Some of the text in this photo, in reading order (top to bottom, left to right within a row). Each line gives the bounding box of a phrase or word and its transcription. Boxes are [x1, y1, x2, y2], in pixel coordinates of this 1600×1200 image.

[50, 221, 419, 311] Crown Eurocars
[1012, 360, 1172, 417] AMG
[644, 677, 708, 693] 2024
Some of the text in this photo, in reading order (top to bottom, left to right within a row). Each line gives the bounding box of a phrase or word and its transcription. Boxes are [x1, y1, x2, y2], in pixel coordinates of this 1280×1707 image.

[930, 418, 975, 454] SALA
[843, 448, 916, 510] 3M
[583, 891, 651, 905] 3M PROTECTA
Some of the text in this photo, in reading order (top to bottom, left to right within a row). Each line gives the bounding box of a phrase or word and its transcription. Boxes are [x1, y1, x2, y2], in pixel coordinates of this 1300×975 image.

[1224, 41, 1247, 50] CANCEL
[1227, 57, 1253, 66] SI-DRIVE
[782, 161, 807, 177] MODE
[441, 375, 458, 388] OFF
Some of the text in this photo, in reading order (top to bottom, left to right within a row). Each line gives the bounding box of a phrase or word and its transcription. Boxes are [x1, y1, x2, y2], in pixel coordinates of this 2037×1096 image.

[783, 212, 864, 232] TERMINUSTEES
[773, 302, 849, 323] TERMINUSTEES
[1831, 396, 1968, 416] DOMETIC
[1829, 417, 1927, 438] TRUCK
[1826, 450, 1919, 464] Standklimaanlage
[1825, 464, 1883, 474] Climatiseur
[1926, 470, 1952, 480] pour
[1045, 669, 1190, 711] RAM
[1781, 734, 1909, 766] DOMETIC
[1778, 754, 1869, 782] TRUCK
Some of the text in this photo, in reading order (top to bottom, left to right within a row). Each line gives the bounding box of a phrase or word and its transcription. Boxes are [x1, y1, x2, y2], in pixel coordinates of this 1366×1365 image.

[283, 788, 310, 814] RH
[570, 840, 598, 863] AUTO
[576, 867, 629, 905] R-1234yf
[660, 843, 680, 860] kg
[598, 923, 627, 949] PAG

EXERCISE INSTRUCTIONS. Recite the full listing above exactly.

REPLY TO THE EXERCISE.
Some of the text in this photo, in reading order (top to bottom, left to right within a row). Each line gives the bounding box of a phrase or word and its transcription. Boxes are [x1, y1, x2, y2], in pixel coordinates of this 1600×1200 image.

[50, 221, 419, 311] Crown Eurocars
[1012, 360, 1172, 417] AMG
[644, 677, 708, 693] 2024
Some of the text in this photo, in reading order (top to bottom, left to right within a row). Each line gives the bounding box of a phrase or word and its transcription. Boxes are [x1, y1, x2, y2], in pixel coordinates of this 1280×1707 image.

[930, 418, 975, 454] SALA
[843, 448, 916, 510] 3M
[583, 891, 651, 905] 3M PROTECTA
Some of the text in this photo, in reading order (top to bottom, left to right within a row). Each line gives the bounding box of a phrase or word and its transcription. Boxes are [x1, y1, x2, y2], in pixel coordinates of this 1300×975 image.

[1224, 41, 1247, 50] CANCEL
[1227, 57, 1253, 66] SI-DRIVE
[782, 161, 807, 177] MODE
[441, 375, 458, 388] OFF
Some of the text in this photo, in reading order (top to bottom, left to right within a row). Each line gives the bounding box of a phrase or word and its transcription. Boxes are [x1, y1, x2, y2], in pixel coordinates of this 2037×1096 image.

[783, 212, 864, 232] TERMINUSTEES
[773, 302, 849, 323] TERMINUSTEES
[1831, 396, 1968, 416] DOMETIC
[1829, 417, 1927, 438] TRUCK
[1826, 450, 1919, 464] Standklimaanlage
[1825, 464, 1883, 474] Climatiseur
[1926, 470, 1952, 480] pour
[1045, 669, 1190, 711] RAM
[1781, 734, 1909, 766] DOMETIC
[1778, 754, 1869, 782] TRUCK
Some of the text in this photo, in reading order (top to bottom, left to right within a row). Each line gives the bounding box of a phrase or word and its transcription. Boxes are [x1, y1, x2, y2], in pixel coordinates of this 1366×1365 image.

[283, 788, 310, 814] RH
[570, 840, 598, 863] AUTO
[576, 867, 629, 905] R-1234yf
[660, 843, 680, 860] kg
[598, 923, 627, 949] PAG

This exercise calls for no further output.